• **Action item**: Reproduce the entries exactly.

• **Material supplied**:
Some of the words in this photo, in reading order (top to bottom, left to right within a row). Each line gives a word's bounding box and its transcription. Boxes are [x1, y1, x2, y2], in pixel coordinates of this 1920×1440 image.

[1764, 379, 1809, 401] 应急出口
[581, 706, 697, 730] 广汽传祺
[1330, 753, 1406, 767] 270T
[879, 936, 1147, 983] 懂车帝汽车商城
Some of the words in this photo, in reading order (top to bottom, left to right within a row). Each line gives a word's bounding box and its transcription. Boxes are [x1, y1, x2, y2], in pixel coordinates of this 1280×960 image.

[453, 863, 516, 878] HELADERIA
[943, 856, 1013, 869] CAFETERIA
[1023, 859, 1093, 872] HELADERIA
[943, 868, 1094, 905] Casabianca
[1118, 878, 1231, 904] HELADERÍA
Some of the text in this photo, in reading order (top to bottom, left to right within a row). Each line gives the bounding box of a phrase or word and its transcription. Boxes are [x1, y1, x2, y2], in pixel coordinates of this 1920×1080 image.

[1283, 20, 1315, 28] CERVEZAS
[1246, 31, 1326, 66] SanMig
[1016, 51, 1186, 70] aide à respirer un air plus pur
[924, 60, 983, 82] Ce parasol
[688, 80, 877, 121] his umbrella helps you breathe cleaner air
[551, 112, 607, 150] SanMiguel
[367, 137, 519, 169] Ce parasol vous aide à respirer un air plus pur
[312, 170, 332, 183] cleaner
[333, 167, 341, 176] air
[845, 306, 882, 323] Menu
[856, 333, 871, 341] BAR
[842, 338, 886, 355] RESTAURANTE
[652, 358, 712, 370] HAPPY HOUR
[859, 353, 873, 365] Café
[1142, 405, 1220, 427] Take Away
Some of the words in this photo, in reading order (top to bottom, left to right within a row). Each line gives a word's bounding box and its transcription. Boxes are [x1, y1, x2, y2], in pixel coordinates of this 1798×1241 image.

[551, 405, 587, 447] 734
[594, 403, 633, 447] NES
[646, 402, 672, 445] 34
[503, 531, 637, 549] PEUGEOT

• **Response to this task**:
Some of the words in this photo, in reading order (top to bottom, left to right within a row). Each line gives a word's bounding box and its transcription. Boxes are [x1, y1, x2, y2], in pixel coordinates of this 1920×1440 image.

[1764, 379, 1809, 401] 应急出口
[581, 706, 697, 730] 广汽传祺
[1330, 753, 1406, 767] 270T
[879, 936, 1147, 983] 懂车帝汽车商城
Some of the words in this photo, in reading order (top to bottom, left to right within a row). Each line gives a word's bounding box and its transcription. Boxes are [x1, y1, x2, y2], in pixel coordinates of this 1280×960 image.

[453, 863, 516, 878] HELADERIA
[943, 856, 1013, 869] CAFETERIA
[1023, 859, 1093, 872] HELADERIA
[943, 868, 1094, 905] Casabianca
[1118, 878, 1231, 904] HELADERÍA
Some of the text in this photo, in reading order (top to bottom, left to right within a row). Each line gives the bounding box of a phrase or word and its transcription. Boxes are [x1, y1, x2, y2], in pixel coordinates of this 1920×1080 image.

[1283, 20, 1315, 28] CERVEZAS
[1246, 31, 1326, 66] SanMig
[1016, 51, 1186, 70] aide à respirer un air plus pur
[924, 60, 983, 82] Ce parasol
[688, 80, 877, 121] his umbrella helps you breathe cleaner air
[551, 112, 607, 150] SanMiguel
[367, 137, 519, 169] Ce parasol vous aide à respirer un air plus pur
[312, 170, 332, 183] cleaner
[333, 167, 341, 176] air
[845, 306, 882, 323] Menu
[856, 333, 871, 341] BAR
[842, 338, 886, 355] RESTAURANTE
[652, 358, 712, 370] HAPPY HOUR
[859, 353, 873, 365] Café
[1142, 405, 1220, 427] Take Away
Some of the words in this photo, in reading order (top to bottom, left to right within a row). Each line gives a word's bounding box and its transcription. Boxes are [x1, y1, x2, y2], in pixel coordinates of this 1798×1241 image.

[551, 405, 587, 447] 734
[594, 403, 633, 447] NES
[646, 402, 672, 445] 34
[503, 531, 637, 549] PEUGEOT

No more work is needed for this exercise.